Repeat, word for word, all the data that follows, and exclude the pictures.

[Records for this task Boundary: Start]

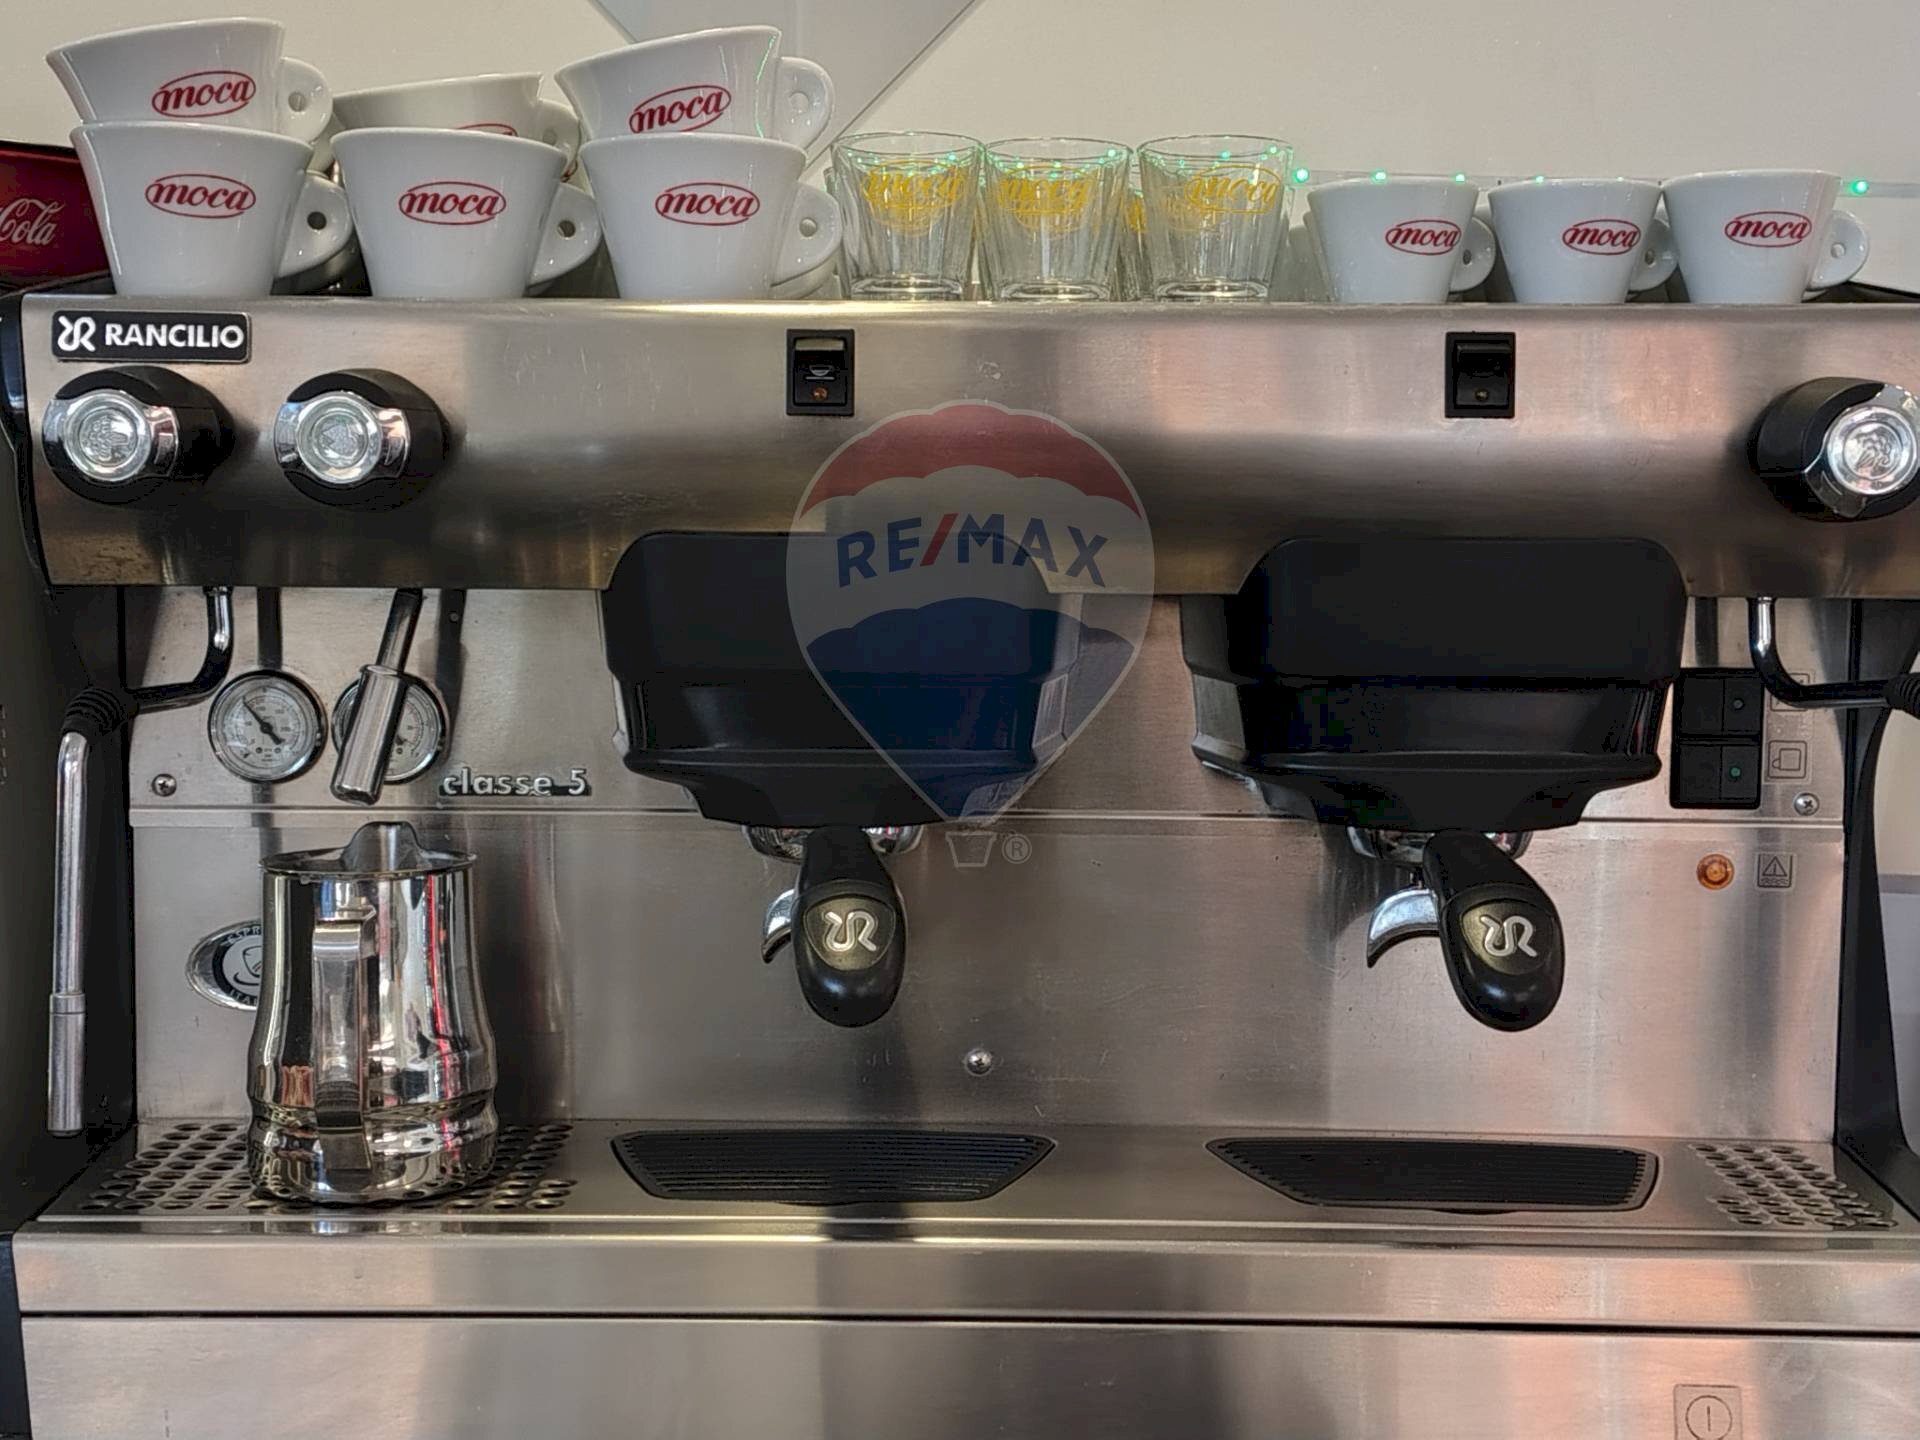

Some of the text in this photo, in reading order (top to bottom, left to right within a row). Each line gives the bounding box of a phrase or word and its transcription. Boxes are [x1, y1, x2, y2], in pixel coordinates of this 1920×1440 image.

[157, 80, 250, 111] moca
[633, 91, 723, 132] moca
[151, 182, 248, 211] moca
[403, 192, 500, 216] moca
[658, 192, 754, 218] moca
[1387, 227, 1460, 247] moca
[1567, 227, 1638, 247] moca
[1728, 219, 1808, 240] moca
[104, 323, 245, 349] RANCILIO
[442, 767, 587, 796] classe 5
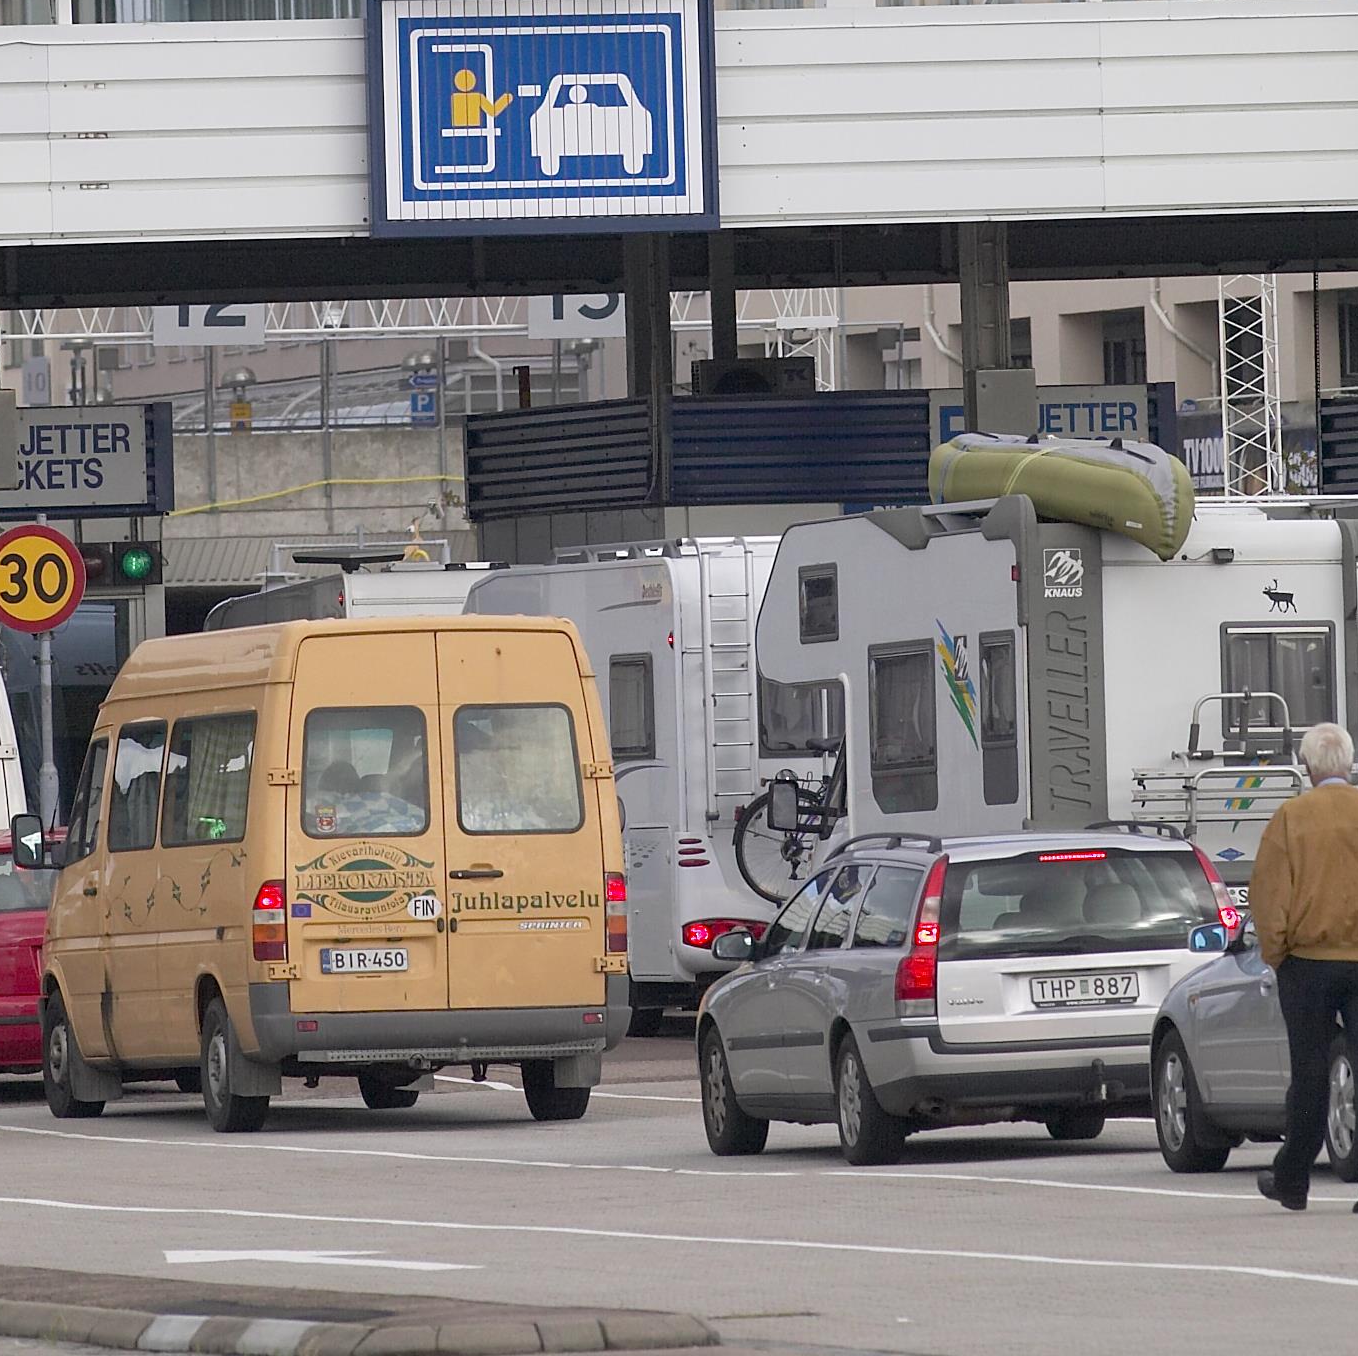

[Records for this task Boundary: End]

■ Exercise result ■
Some of the text in this photo, in reading order (top to bottom, left to right within a row). Each line gives the bounding box of a phrase or word and its transcription. Boxes are [x1, y1, x2, y2], in pixel coordinates of this 1920×1440 image.

[157, 80, 250, 111] moca
[633, 91, 723, 132] moca
[151, 182, 248, 211] moca
[403, 192, 500, 216] moca
[658, 192, 754, 218] moca
[1387, 227, 1460, 247] moca
[1567, 227, 1638, 247] moca
[1728, 219, 1808, 240] moca
[104, 323, 245, 349] RANCILIO
[442, 767, 587, 796] classe 5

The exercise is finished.